Exactly as written and without the pictures, output the entries below.

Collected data
-- -- --

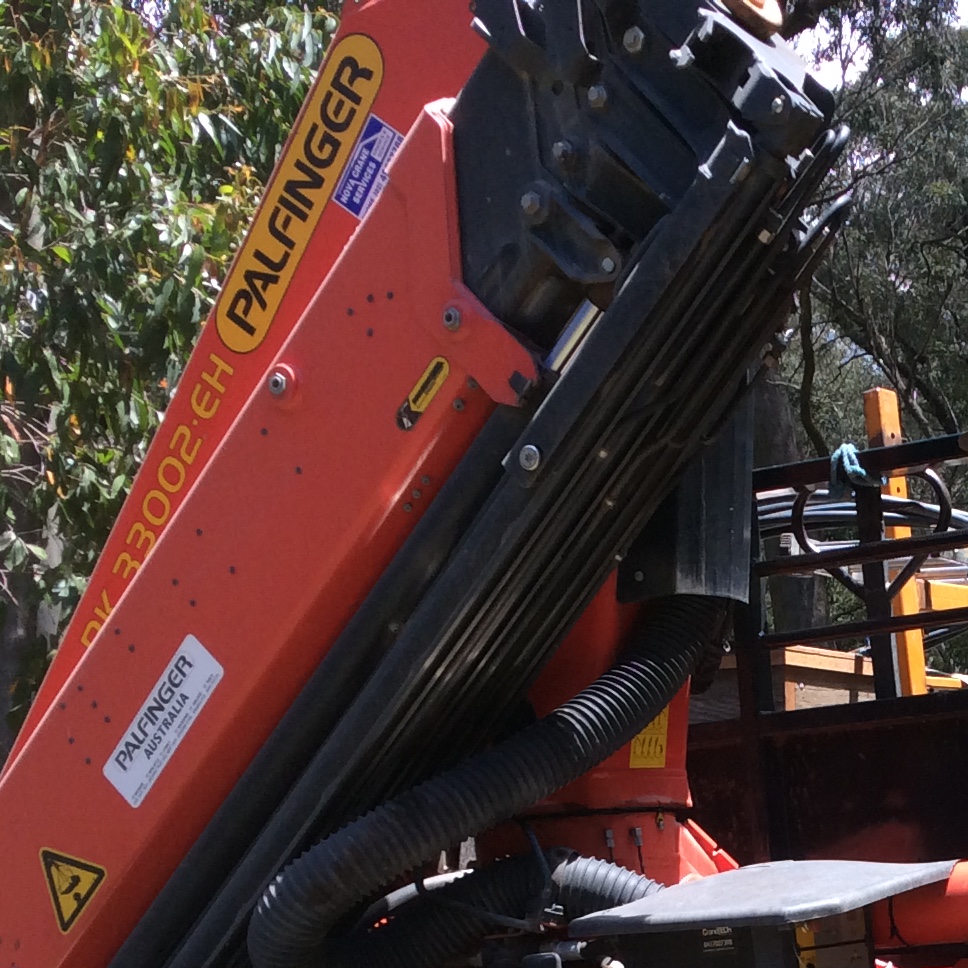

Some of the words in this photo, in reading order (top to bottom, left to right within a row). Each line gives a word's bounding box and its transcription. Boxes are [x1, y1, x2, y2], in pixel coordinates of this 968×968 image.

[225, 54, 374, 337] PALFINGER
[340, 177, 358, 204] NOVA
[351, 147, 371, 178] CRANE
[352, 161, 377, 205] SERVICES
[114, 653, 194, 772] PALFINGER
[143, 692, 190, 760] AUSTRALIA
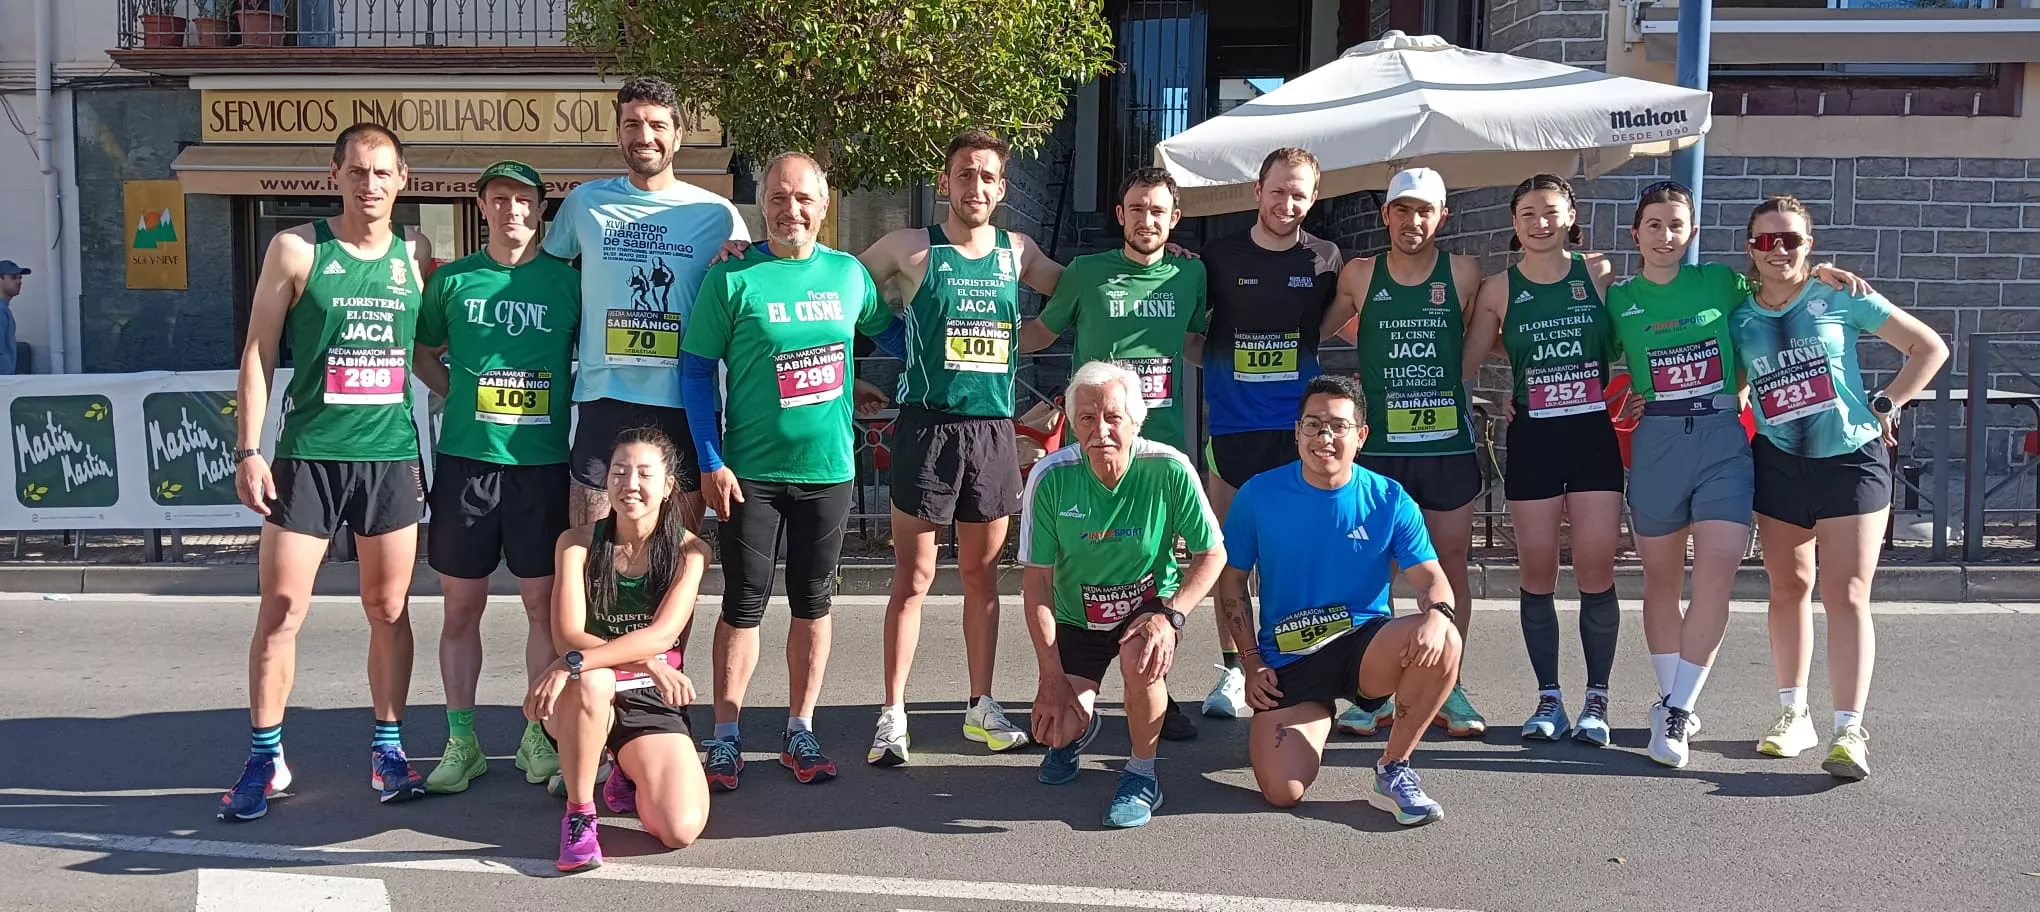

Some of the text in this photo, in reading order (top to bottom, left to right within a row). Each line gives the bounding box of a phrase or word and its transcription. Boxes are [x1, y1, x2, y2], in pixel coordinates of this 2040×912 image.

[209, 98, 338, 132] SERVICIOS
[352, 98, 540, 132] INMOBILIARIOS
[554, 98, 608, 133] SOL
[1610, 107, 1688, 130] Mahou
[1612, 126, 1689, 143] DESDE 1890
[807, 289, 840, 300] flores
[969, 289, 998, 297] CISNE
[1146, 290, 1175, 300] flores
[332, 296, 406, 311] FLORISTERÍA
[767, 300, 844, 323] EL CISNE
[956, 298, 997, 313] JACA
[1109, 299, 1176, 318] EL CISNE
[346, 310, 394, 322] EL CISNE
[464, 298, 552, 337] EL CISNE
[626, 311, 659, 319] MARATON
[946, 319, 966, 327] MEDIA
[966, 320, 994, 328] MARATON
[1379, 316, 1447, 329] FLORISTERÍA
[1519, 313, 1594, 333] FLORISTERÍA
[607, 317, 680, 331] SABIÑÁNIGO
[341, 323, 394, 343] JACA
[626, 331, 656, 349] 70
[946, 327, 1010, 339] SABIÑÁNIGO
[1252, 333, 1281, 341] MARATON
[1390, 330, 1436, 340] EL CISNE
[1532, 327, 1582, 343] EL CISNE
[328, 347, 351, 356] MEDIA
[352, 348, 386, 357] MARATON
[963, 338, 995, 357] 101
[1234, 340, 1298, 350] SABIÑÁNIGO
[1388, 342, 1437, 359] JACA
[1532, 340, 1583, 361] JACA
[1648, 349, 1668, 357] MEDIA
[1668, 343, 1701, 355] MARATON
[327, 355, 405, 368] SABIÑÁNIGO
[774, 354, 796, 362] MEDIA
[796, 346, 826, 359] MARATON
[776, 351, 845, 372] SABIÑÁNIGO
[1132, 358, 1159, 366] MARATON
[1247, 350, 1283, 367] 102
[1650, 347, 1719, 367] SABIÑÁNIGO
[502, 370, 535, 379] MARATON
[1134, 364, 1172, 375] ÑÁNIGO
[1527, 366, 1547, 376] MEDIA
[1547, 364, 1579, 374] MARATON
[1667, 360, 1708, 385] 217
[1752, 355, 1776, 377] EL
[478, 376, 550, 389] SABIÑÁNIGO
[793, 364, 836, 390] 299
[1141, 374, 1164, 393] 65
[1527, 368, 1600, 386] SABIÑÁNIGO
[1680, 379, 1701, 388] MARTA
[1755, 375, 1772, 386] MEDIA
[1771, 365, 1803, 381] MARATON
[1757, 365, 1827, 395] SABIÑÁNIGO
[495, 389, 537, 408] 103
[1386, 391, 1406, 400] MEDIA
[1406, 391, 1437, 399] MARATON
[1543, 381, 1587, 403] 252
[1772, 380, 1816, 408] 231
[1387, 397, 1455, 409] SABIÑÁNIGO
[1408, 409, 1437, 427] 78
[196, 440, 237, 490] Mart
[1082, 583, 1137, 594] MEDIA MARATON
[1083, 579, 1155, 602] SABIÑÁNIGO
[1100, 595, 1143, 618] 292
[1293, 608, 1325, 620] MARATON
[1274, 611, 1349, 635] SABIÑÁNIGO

-- -- --

Answer
Some of the words in this photo, in reading order (top to bottom, left to right within a row). Each line gives a word's bounding box and its transcription. Boxes are [x1, y1, x2, y2], in pixel coordinates of this 968×968 image.

[225, 54, 374, 337] PALFINGER
[340, 177, 358, 204] NOVA
[351, 147, 371, 178] CRANE
[352, 161, 377, 205] SERVICES
[114, 653, 194, 772] PALFINGER
[143, 692, 190, 760] AUSTRALIA

Some of the text in this photo, in reading order (top to bottom, left to right within a row). Each line gives the bounding box of a phrase or word and its transcription. Boxes are [x1, y1, x2, y2], in pixel coordinates of this 2040×912 image.

[209, 98, 338, 132] SERVICIOS
[352, 98, 540, 132] INMOBILIARIOS
[554, 98, 608, 133] SOL
[1610, 107, 1688, 130] Mahou
[1612, 126, 1689, 143] DESDE 1890
[807, 289, 840, 300] flores
[969, 289, 998, 297] CISNE
[1146, 290, 1175, 300] flores
[332, 296, 406, 311] FLORISTERÍA
[767, 300, 844, 323] EL CISNE
[956, 298, 997, 313] JACA
[1109, 299, 1176, 318] EL CISNE
[346, 310, 394, 322] EL CISNE
[464, 298, 552, 337] EL CISNE
[626, 311, 659, 319] MARATON
[946, 319, 966, 327] MEDIA
[966, 320, 994, 328] MARATON
[1379, 316, 1447, 329] FLORISTERÍA
[1519, 313, 1594, 333] FLORISTERÍA
[607, 317, 680, 331] SABIÑÁNIGO
[341, 323, 394, 343] JACA
[626, 331, 656, 349] 70
[946, 327, 1010, 339] SABIÑÁNIGO
[1252, 333, 1281, 341] MARATON
[1390, 330, 1436, 340] EL CISNE
[1532, 327, 1582, 343] EL CISNE
[328, 347, 351, 356] MEDIA
[352, 348, 386, 357] MARATON
[963, 338, 995, 357] 101
[1234, 340, 1298, 350] SABIÑÁNIGO
[1388, 342, 1437, 359] JACA
[1532, 340, 1583, 361] JACA
[1648, 349, 1668, 357] MEDIA
[1668, 343, 1701, 355] MARATON
[327, 355, 405, 368] SABIÑÁNIGO
[774, 354, 796, 362] MEDIA
[796, 346, 826, 359] MARATON
[776, 351, 845, 372] SABIÑÁNIGO
[1132, 358, 1159, 366] MARATON
[1247, 350, 1283, 367] 102
[1650, 347, 1719, 367] SABIÑÁNIGO
[502, 370, 535, 379] MARATON
[1134, 364, 1172, 375] ÑÁNIGO
[1527, 366, 1547, 376] MEDIA
[1547, 364, 1579, 374] MARATON
[1667, 360, 1708, 385] 217
[1752, 355, 1776, 377] EL
[478, 376, 550, 389] SABIÑÁNIGO
[793, 364, 836, 390] 299
[1141, 374, 1164, 393] 65
[1527, 368, 1600, 386] SABIÑÁNIGO
[1680, 379, 1701, 388] MARTA
[1755, 375, 1772, 386] MEDIA
[1771, 365, 1803, 381] MARATON
[1757, 365, 1827, 395] SABIÑÁNIGO
[495, 389, 537, 408] 103
[1386, 391, 1406, 400] MEDIA
[1406, 391, 1437, 399] MARATON
[1543, 381, 1587, 403] 252
[1772, 380, 1816, 408] 231
[1387, 397, 1455, 409] SABIÑÁNIGO
[1408, 409, 1437, 427] 78
[196, 440, 237, 490] Mart
[1082, 583, 1137, 594] MEDIA MARATON
[1083, 579, 1155, 602] SABIÑÁNIGO
[1100, 595, 1143, 618] 292
[1293, 608, 1325, 620] MARATON
[1274, 611, 1349, 635] SABIÑÁNIGO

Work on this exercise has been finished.